● **What you are asked to do**:
A faithful copy of each record is required, minus the images.

● **Annotated photo localization data**:
────────────────────

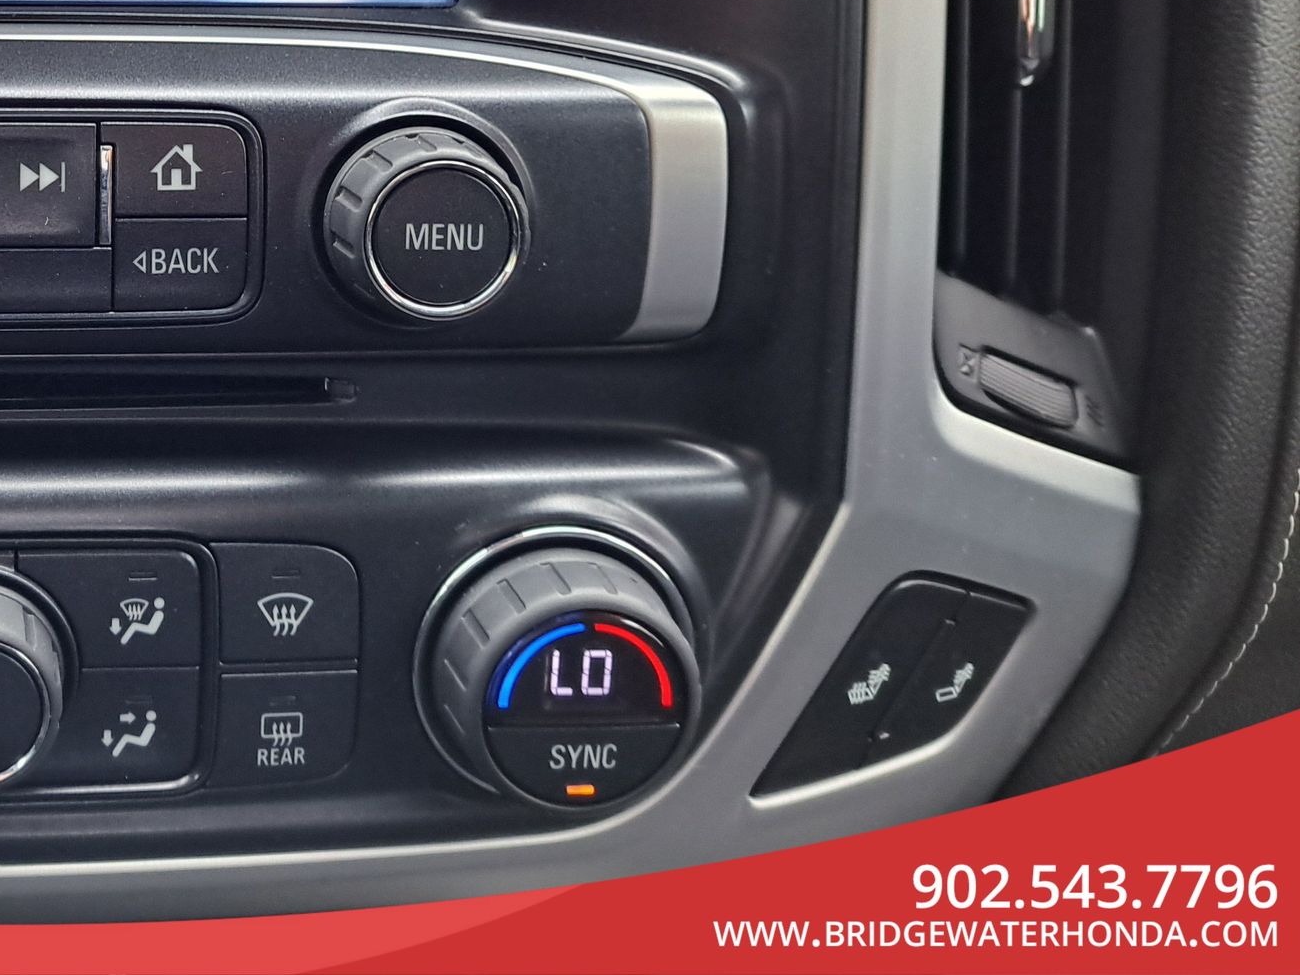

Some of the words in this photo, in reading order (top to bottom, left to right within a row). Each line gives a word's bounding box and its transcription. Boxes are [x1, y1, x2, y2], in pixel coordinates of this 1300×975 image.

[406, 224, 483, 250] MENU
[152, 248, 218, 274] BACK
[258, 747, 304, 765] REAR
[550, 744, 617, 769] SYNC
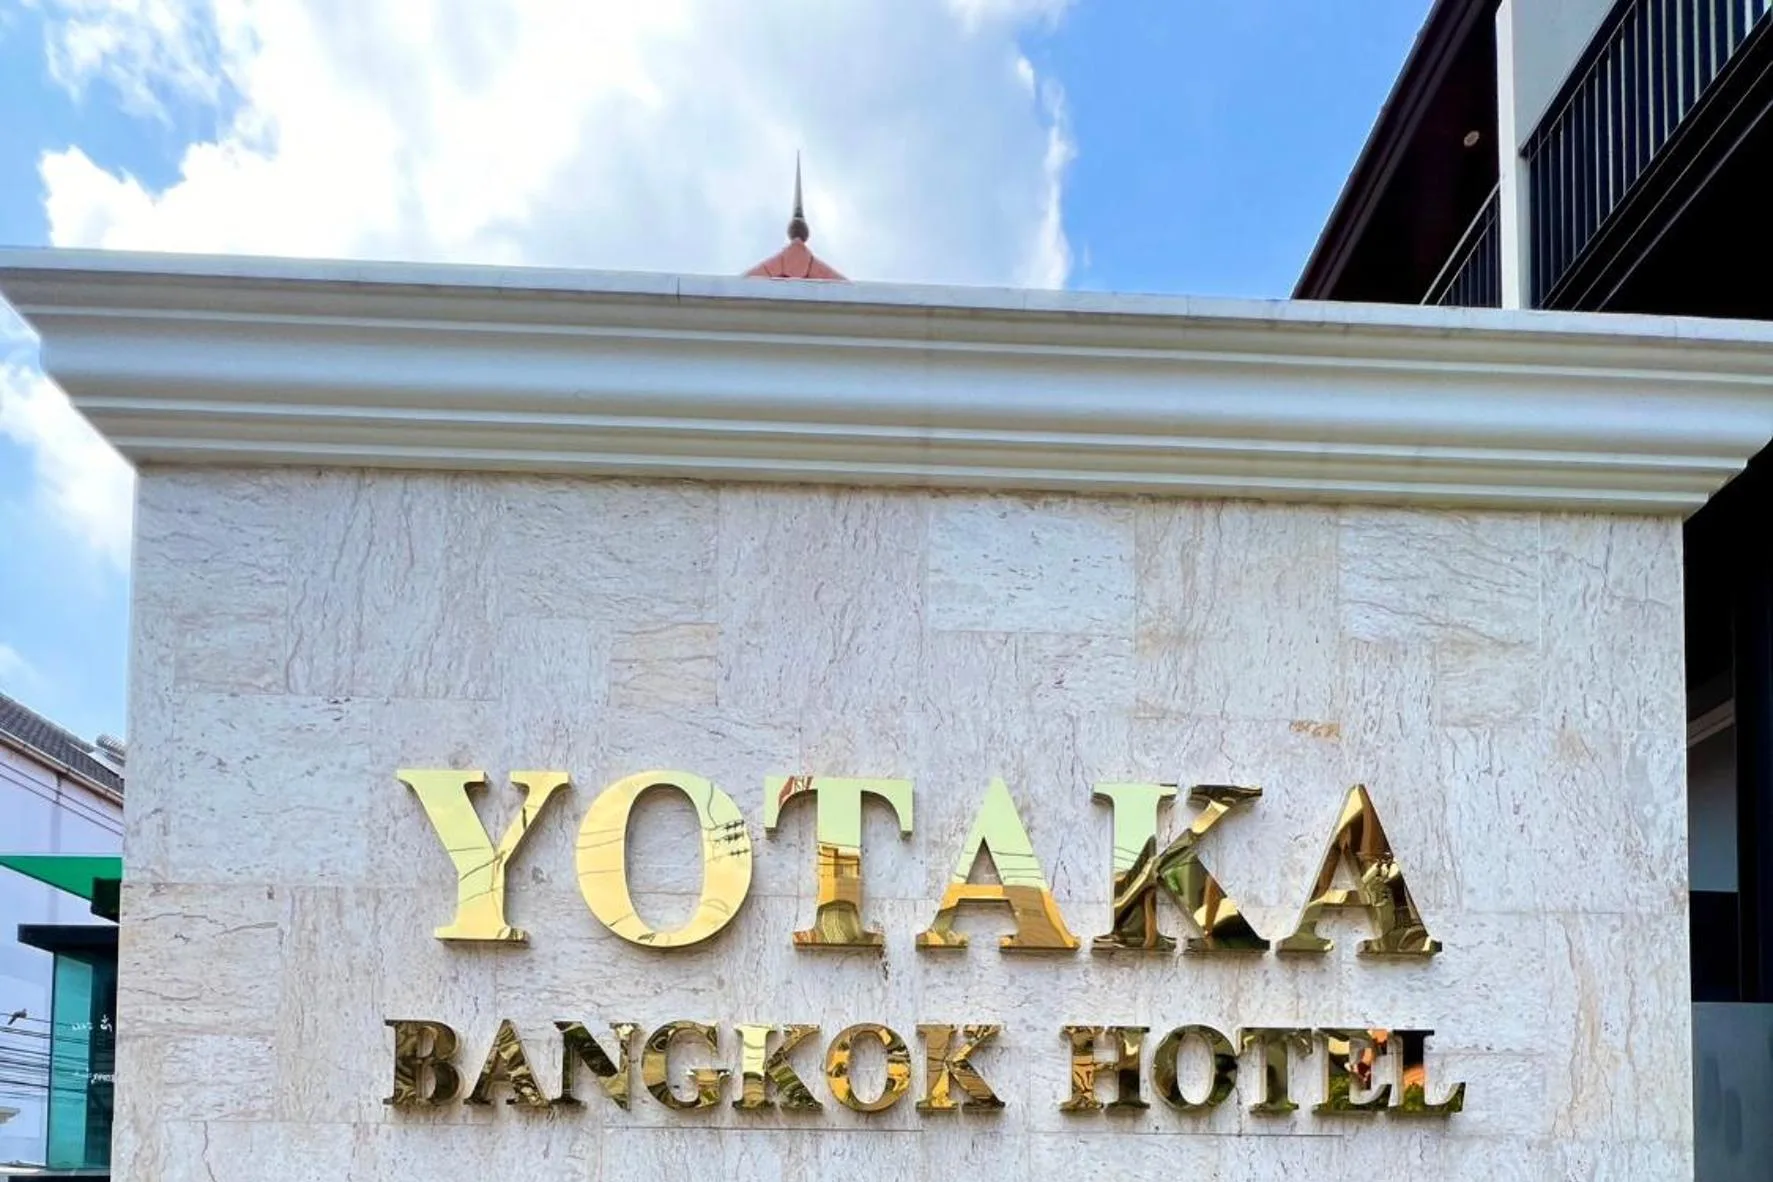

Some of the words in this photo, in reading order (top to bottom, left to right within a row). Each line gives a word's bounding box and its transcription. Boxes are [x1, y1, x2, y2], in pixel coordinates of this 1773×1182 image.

────────────────────

● **Solved problem**:
Some of the words in this photo, in reading order (top to bottom, left to right within a row). Each line gives a word's bounding box and its transcription. Boxes are [x1, y1, x2, y2], in pixel coordinates of this 1300×975 image.

[406, 224, 483, 250] MENU
[152, 248, 218, 274] BACK
[258, 747, 304, 765] REAR
[550, 744, 617, 769] SYNC

Some of the words in this photo, in reading order (top to bottom, left to right within a row). Each line gives a word's bounding box and its transcription. Boxes are [x1, y1, x2, y2], in pixel coordinates of this 1773×1182 image.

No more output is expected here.